Pillow Talk with Diana: “Is He Blowing Me Off or Am I Paranoid?”

Q: I started dating a guy I was friends with for 1.5 years.  He asked me out forever, but I wasn’t ready after a bad breakup with an ex-bf. We went out on a handful of dates and then he got distant, so I pulled the plug and we stayed friends. I stopped contacting him.

One day in September I texted him. He claims he didn’t know it was me, so I started flirting with him and it drove him nuts trying to figure out who it was until he finally guessed it was me.  We got together again in November.  He asks me indirectly what else am I doing that week, he wants to see me again.  We got together again and he’s kissing me again in public.  I feel a little shy about it.  Then we make out at his house, but we don’t have sex.

We saw each other again in a few days.  I had to travel locally for work. I come back and we go out and again he kisses me rather hard in public – but we don’t go to his house.  But something changed and lately it’s been lunch type dates.  He also claims he’s had a cold on and off for 3 weeks.  It doesn’t stop him from hanging out with other friends and he doesn’t go to a doctor for it.  He said him saying he’s sick isn’t a hidden message, and that he wants to fondle me, but having a cold puts a damper on things.

I think I’m being blown off and he doesn’t want to hurt me.  I know that I don’t get to know the reasons why.  Though I have a pessimistic attitude b/c of some past experiences,  I’m diligent not to make that someone else’s burden to carry, however.  The problem: I think I started to fall in love here.  I want to believe he is telling me the truth, but my intuition says he’s being passive-aggressive.  I just wonder if this is my pessimism at work or should I spare myself some heartache and accept that he’s keeping me at a distance and move on to someone that wants to make more of an effort to see me?

A: I’m going to keep this short and sweet. First off, I’m calling bullsh*t on the three-week cold. Second, it’s time to drop him and find someone that–you said it yourself–wants to make more of an effort to see you.

And not just more of an effort, but an effort, period. The period of most contact in your relationship was those handful of dates you had months ago. Since then, he’s went from being distant to ignoring you, to making out with you at his house, to lunch dates that, I’m willing to bet, are pretty damn convenient for him. If you’re going from actual evening dates to lunch, you’re going in the wrong direction. This cold excuse is a way for him to put as little effort as possible into hanging out with you without actually doing the brave thing and telling you he’s not interested in dating you.

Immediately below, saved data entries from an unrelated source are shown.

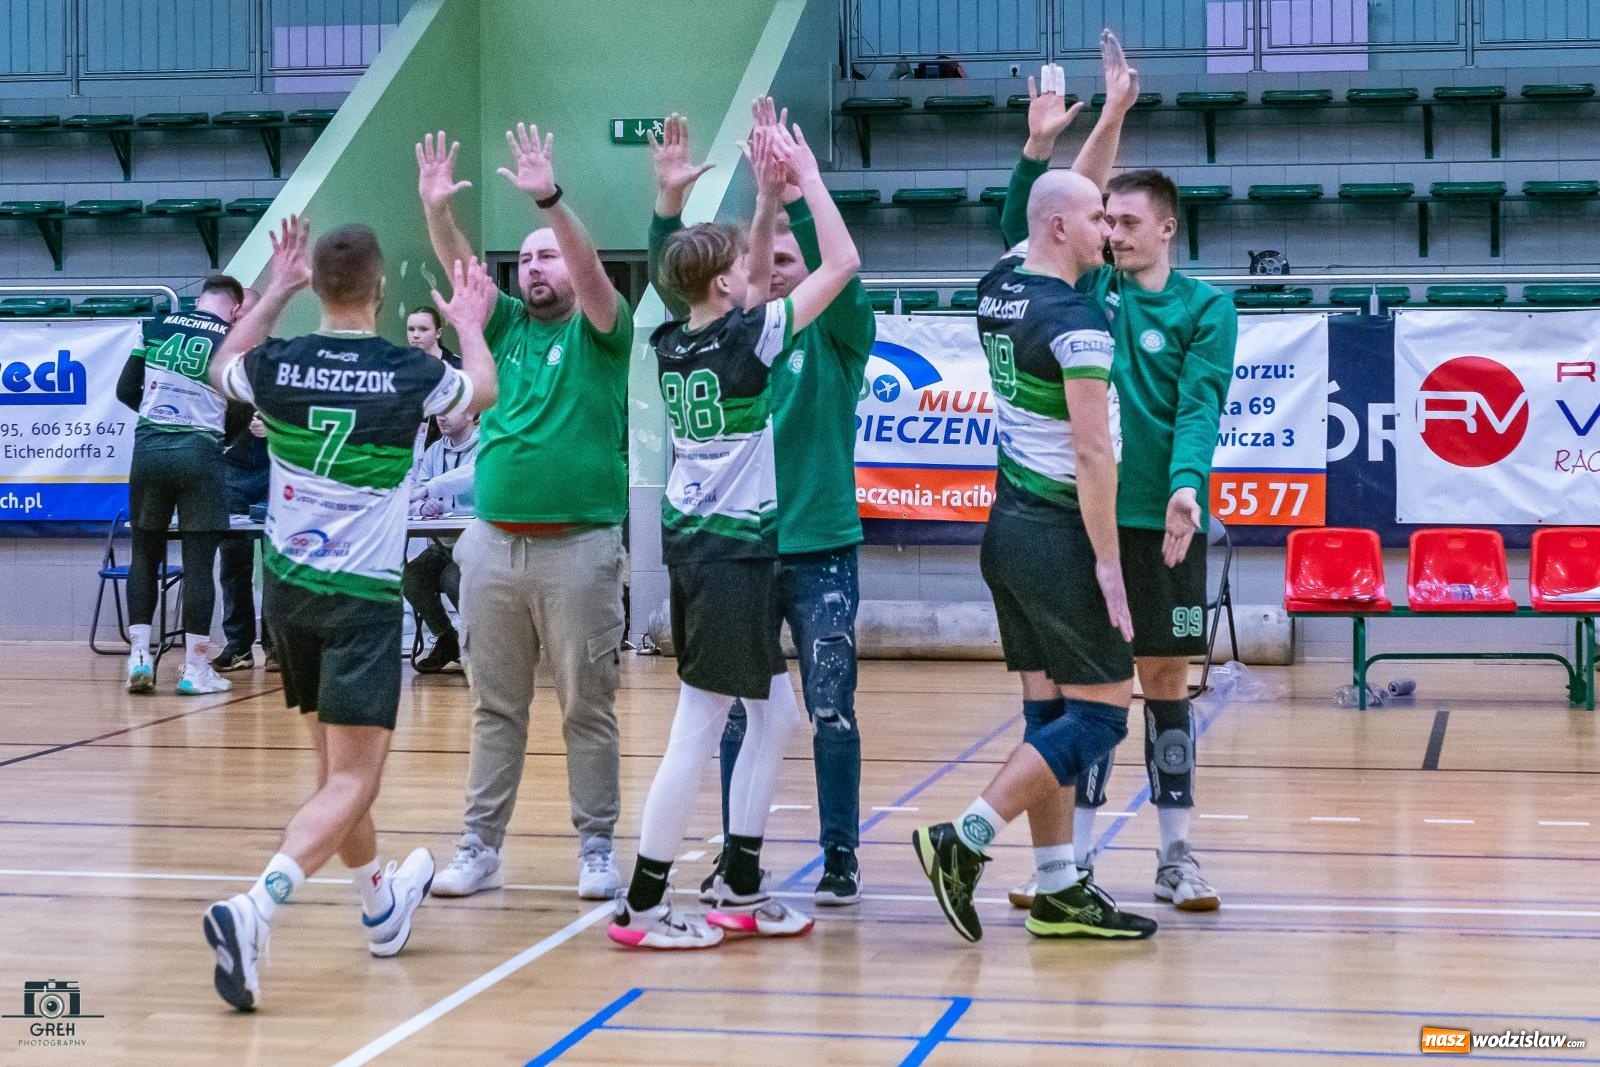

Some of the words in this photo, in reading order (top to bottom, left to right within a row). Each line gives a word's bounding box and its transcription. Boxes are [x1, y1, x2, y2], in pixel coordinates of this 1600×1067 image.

[163, 315, 228, 334] MARCHWIAK
[156, 332, 213, 377] 49
[983, 332, 1017, 400] 19
[0, 350, 86, 393] ech
[276, 362, 397, 393] BŁASZCZOK
[1235, 364, 1295, 379] orzu:
[661, 368, 725, 441] 98
[918, 390, 993, 413] MUL
[1249, 397, 1276, 415] 69
[31, 423, 60, 435] 606
[65, 423, 91, 436] 363
[96, 423, 126, 436] 647
[308, 406, 356, 477] 7
[1282, 429, 1295, 447] 3
[4, 444, 101, 459] Eichendorffa
[107, 445, 116, 458] 2
[856, 484, 996, 507] eczenia-racib
[1218, 483, 1258, 516] 55
[1268, 483, 1309, 516] 77
[1172, 606, 1203, 637] 99

I can understand your tendency to second-guess yourself and not want to give up on this in case you’re just being pessimistic, but I think this is one of those situations where, if your intuition is tell you something is off, then something is off. Don’t battle your gut feeling about this guy because you want things to work out.

If you’re still not convinced (and sure, there is a chance he really is interested and is acting like he isn’t for whatever reason unrelated to you), then think about what kind of relationship you want for yourself–with him or with anyone. Is it one where you feel like your significant other is always distancing himself from you? Is it one where you feel insecure and unsure of how he feels about you? Is it one where you’re having lunch dates and he’s blowing you off because of some mysterious ailment? Probably not. My suggestion, if you still want to give it a shot–lay your cards out on the table, tell him that you like him and that you want to date, ask him out on a date, whatever. If he gives you any kind of wishy-washy, shady response, cut him off. You want this guy to be as excited about you as you are about him…and if he’s not, then you deserve better.